Full circle

The final aim of the twins study is to relate differences in epigenetics between all twin pairs to pair-specific differences in maternal nutrition. For instance, the team will examine the general relationships between global levels of DNA methylation and levels of metabolites such as folate.

"Analysing genetics entails a lot of 'noise' that can mask epigenetic changes," Craig says. "Studying monozygotic twins avoids this by controlling for genotype and therefore any differences detected are either random or due to small changes in environment such as share of the placenta. On the other hand, the dizygotic or fraternal twins are interesting because they are essentially controlled for environment but have different genetics."
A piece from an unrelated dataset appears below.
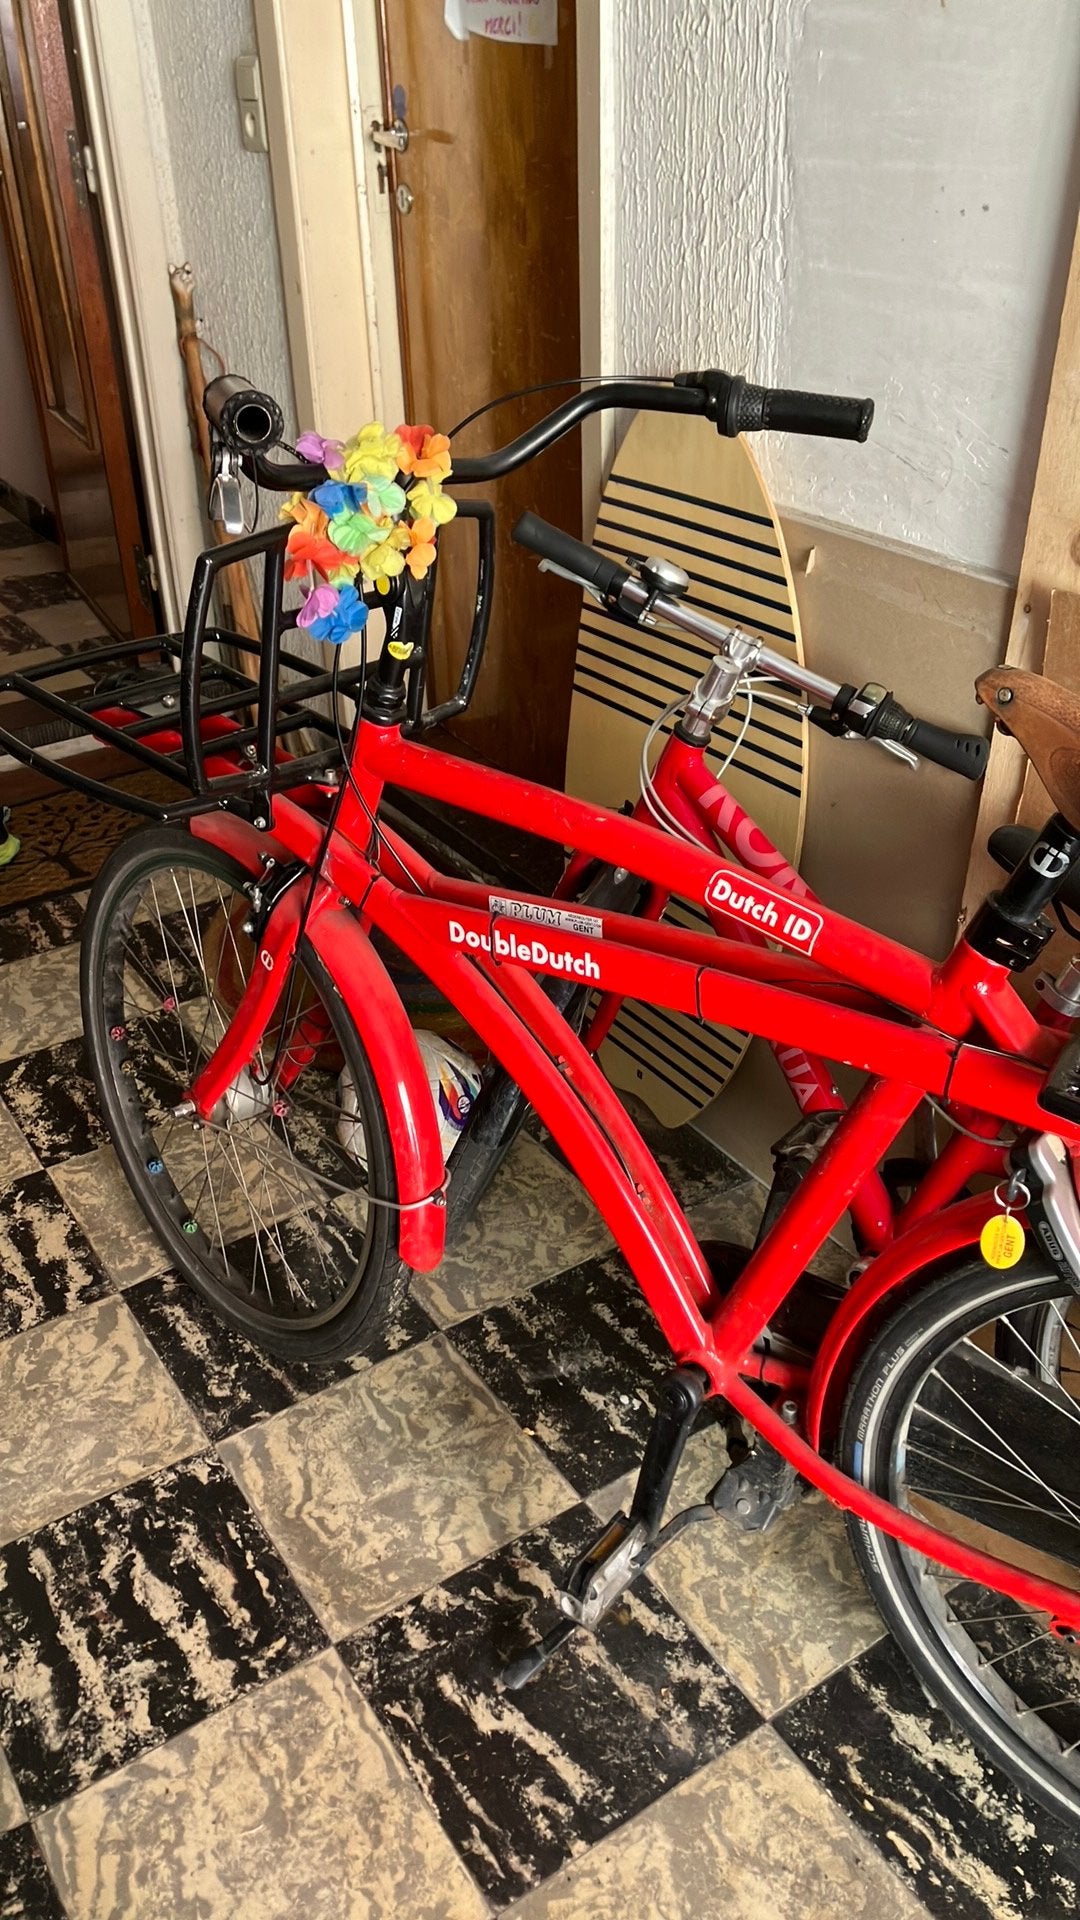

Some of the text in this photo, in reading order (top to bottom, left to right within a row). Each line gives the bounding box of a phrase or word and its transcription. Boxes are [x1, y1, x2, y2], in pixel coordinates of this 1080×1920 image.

Craig is coming full circle at this year's Lorne conference after being 'converted' to microarray-based approaches to epigenetics at Lorne about four years ago. "It blew me away when I saw a talk on epigenetics by someone who had put the whole yeast genome on a microarray and hybridised their particular fractions of chromatin," he says. "They could then make conclusions about the kind of epigenetic modifications that were going on in the yeast genome.

"I thought there and then that is the field for me, and I saw the future - a diagnostic test. Any test that can help predict the onset or severity of disease, even in combination with genetic tests, will be useful, especially for those complex conditions such as psychiatric, metabolic and cardiovascular diseases for which few tests are currently available.

"The most exciting area of epigenetics will be finding associations between disease, looking at epigenetic changes when someone has a disease, but also analysing the changes over time, and more importantly the health predisposition of an individual. Can we look at people at birth and predict the kinds of diseases they might get? And because epigenetic marks are potentially reversible, can we then treat with specific drugs and prevent or even reverse the process?"